Kazakhstan introduced the Cannes Film Festival's triumphant film Ayka by Sergey Dvrotsevoy, and works of the winner of the Venice Film Festival, Emir Baigazin, who was among honored guests of the Festival.
The jury judged films in Documentary, Prize of Audience, New Voice and Silver Mirror nominations.
Film Ayka by Sergey Dvortsevoy won in the New Voice nomination following the unanimous opinion of the jury members.
"Kazakh actress Samal Yeslyamova pulls off the film alone. Cameras follow each movement of her so that we, spectators, integrate with the body and look of the main character. The image and sound are so natural that we can smell the wind hitting the face of the heroine from the screen, and experience the same feeling of rising nausea. Film Ayka is like a stimulator effectively and callously diminishing the distance between the spectator and the desperate heroine," Norwegian critics about the film.

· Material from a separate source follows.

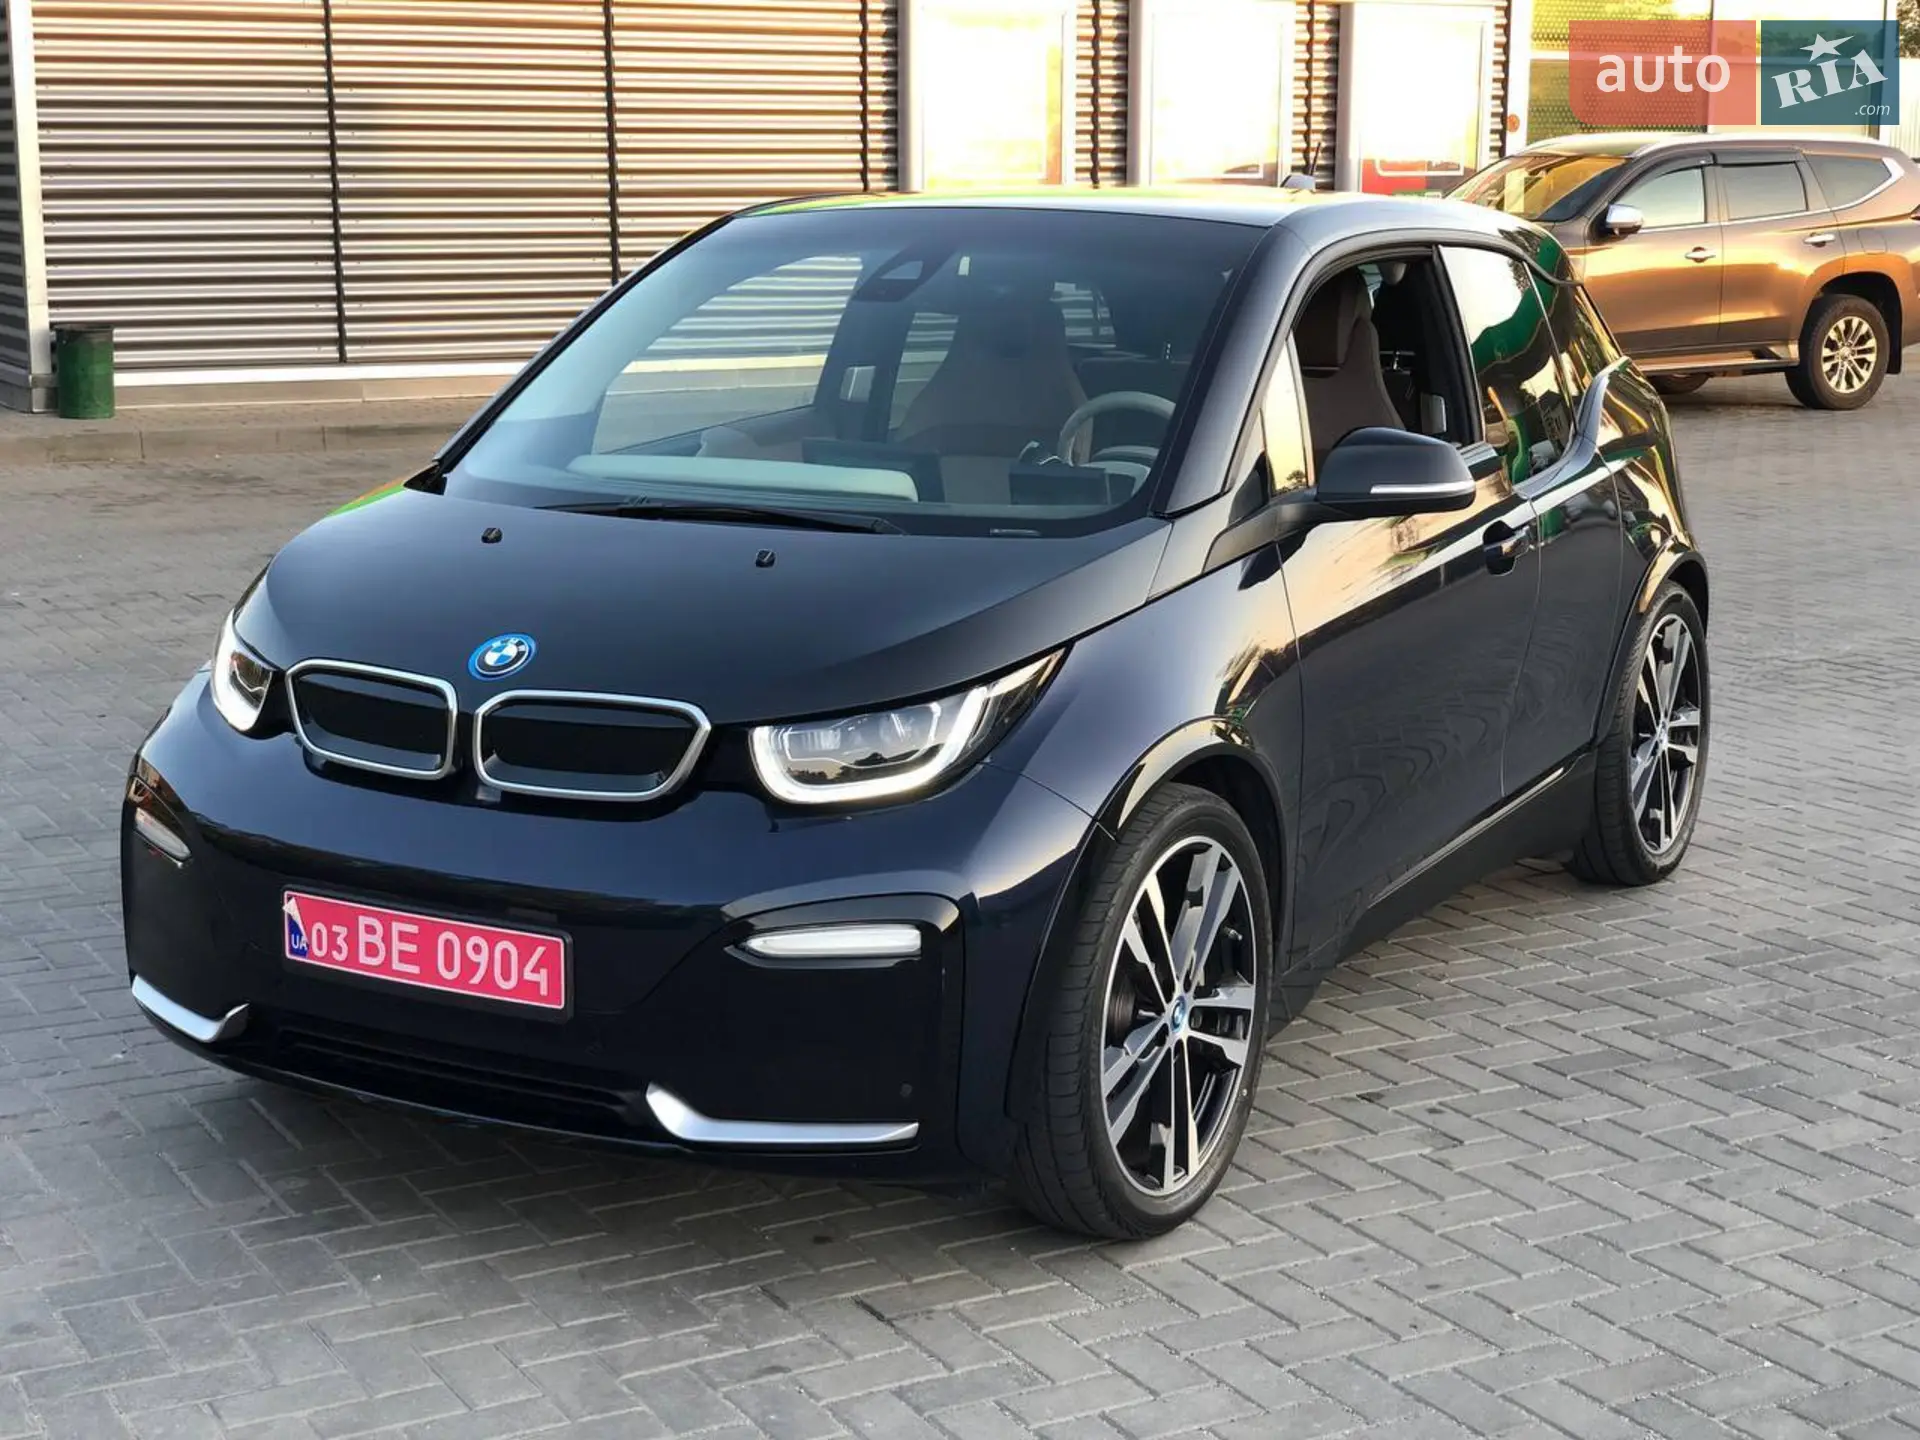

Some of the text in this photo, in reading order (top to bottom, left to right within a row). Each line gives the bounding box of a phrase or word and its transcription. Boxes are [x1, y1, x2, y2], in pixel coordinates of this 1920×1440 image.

[311, 915, 548, 996] 03 BE 0904

Emmanuel Gras's film MAKALA won in the documentary nomination, and film Shoplifters by Japanese Hirokazu Kore-eda received the audience choice award, and Korean Lee Chang-dong's film Burning received the Silver Mirror prize.
Receiving the prize from the jury member, the Chargé d'affaires of Kazakhstan in Norway, Ilyas Omarov, noted that the idea of film Ayka touches the main problem of modern times - illegal migration in the large megapolises, and added: "The modern cinematography is one of the key elements of public diplomacy."
Omarov underlined that the film is a truly international project as film producers from Germany, China and Germany worked on it along with Kazakh and Russian filmmakers.
Emir Baigazin presented his films such as Harmony lessons, Wounded Angel and The River, as well as his new work Would You Like to Stargaze. Before each screening, he held meetings with spectators that attracted a large turnout. Film critics highly appraised his creativity.
For instance, the Dagsavisen newspaper notes: "His last work, the black and white melancholy pearl Would You Like to Stargaze, resembles the later films of Andrei Tarkovsky with its external and internal poetic landscape. In this film, he deals with not only the internal poetry of love, but also he reveals its abstract and dreamful story about matches and wishes."
During the Film Festival, Emir Baigazin held a meeting in the embassy of Kazakhstan with representatives of the Kazakh diaspora, sharing his plans, and underlining the role of the state in domestic figures of culture.